◆ **Task to complete**
Please print exactly the lines running from the one that contains "this 2212×1659 image." to the end of the data, with both lines included.

◆ **Study material**
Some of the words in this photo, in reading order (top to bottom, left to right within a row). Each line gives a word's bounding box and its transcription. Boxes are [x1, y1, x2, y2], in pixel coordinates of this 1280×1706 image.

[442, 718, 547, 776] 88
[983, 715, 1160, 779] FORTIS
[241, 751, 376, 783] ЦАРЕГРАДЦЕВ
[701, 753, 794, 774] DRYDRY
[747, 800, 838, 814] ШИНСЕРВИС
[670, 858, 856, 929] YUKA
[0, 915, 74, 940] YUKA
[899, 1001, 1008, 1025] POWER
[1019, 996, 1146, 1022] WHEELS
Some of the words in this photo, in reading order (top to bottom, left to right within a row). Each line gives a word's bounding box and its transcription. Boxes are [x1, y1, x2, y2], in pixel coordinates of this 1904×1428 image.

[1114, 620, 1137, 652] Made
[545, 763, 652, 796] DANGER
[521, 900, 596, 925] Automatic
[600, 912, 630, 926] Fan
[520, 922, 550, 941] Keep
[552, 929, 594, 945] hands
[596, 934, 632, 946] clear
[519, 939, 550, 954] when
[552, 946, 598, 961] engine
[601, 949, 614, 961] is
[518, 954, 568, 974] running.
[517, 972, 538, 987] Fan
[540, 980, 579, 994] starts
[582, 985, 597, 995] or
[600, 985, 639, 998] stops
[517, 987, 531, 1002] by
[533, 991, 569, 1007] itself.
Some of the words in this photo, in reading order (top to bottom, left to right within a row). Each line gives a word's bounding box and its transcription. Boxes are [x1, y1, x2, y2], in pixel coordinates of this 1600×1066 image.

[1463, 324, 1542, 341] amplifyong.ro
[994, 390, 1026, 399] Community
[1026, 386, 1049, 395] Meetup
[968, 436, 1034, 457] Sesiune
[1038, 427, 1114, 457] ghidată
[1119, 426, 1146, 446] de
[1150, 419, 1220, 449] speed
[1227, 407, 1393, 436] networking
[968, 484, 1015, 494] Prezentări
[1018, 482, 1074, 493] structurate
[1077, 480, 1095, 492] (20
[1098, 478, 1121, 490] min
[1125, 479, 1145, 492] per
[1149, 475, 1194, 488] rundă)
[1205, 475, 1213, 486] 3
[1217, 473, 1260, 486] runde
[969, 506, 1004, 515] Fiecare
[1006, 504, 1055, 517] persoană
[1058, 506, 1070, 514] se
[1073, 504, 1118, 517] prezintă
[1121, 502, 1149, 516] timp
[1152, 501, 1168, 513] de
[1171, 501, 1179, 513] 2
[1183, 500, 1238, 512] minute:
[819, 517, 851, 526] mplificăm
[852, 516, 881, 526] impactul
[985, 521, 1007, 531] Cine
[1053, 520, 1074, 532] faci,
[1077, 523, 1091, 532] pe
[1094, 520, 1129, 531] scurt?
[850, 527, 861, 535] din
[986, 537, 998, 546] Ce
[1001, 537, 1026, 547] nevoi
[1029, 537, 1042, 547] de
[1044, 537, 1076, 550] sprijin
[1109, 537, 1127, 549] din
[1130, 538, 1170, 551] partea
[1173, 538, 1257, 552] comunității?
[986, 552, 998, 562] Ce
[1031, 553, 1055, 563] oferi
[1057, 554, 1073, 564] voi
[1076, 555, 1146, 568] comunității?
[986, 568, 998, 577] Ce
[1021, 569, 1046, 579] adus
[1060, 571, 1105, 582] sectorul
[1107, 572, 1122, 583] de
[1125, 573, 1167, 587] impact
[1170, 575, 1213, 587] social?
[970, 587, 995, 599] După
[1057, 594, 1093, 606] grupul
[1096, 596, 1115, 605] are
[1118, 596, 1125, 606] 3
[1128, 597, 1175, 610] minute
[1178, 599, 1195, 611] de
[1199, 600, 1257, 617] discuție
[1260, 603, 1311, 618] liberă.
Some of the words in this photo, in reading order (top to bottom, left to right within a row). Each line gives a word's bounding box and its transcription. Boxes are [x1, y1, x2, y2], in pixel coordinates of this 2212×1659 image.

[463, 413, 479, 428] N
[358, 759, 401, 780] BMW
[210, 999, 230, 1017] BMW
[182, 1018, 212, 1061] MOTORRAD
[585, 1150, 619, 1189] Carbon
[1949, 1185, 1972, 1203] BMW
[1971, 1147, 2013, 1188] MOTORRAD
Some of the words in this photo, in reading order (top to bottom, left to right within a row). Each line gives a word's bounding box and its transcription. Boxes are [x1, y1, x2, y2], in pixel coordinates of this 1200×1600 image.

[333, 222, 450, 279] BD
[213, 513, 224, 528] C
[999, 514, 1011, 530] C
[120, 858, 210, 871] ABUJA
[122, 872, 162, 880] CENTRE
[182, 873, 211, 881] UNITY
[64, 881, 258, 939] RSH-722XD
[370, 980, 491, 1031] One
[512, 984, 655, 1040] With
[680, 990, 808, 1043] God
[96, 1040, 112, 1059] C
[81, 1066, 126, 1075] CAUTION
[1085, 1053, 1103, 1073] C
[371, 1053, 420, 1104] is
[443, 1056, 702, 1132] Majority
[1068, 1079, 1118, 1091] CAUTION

◆ **Expected answer**
Some of the words in this photo, in reading order (top to bottom, left to right within a row). Each line gives a word's bounding box and its transcription. Boxes are [x1, y1, x2, y2], in pixel coordinates of this 2212×1659 image.

[463, 413, 479, 428] N
[358, 759, 401, 780] BMW
[210, 999, 230, 1017] BMW
[182, 1018, 212, 1061] MOTORRAD
[585, 1150, 619, 1189] Carbon
[1949, 1185, 1972, 1203] BMW
[1971, 1147, 2013, 1188] MOTORRAD
Some of the words in this photo, in reading order (top to bottom, left to right within a row). Each line gives a word's bounding box and its transcription. Boxes are [x1, y1, x2, y2], in pixel coordinates of this 1200×1600 image.

[333, 222, 450, 279] BD
[213, 513, 224, 528] C
[999, 514, 1011, 530] C
[120, 858, 210, 871] ABUJA
[122, 872, 162, 880] CENTRE
[182, 873, 211, 881] UNITY
[64, 881, 258, 939] RSH-722XD
[370, 980, 491, 1031] One
[512, 984, 655, 1040] With
[680, 990, 808, 1043] God
[96, 1040, 112, 1059] C
[81, 1066, 126, 1075] CAUTION
[1085, 1053, 1103, 1073] C
[371, 1053, 420, 1104] is
[443, 1056, 702, 1132] Majority
[1068, 1079, 1118, 1091] CAUTION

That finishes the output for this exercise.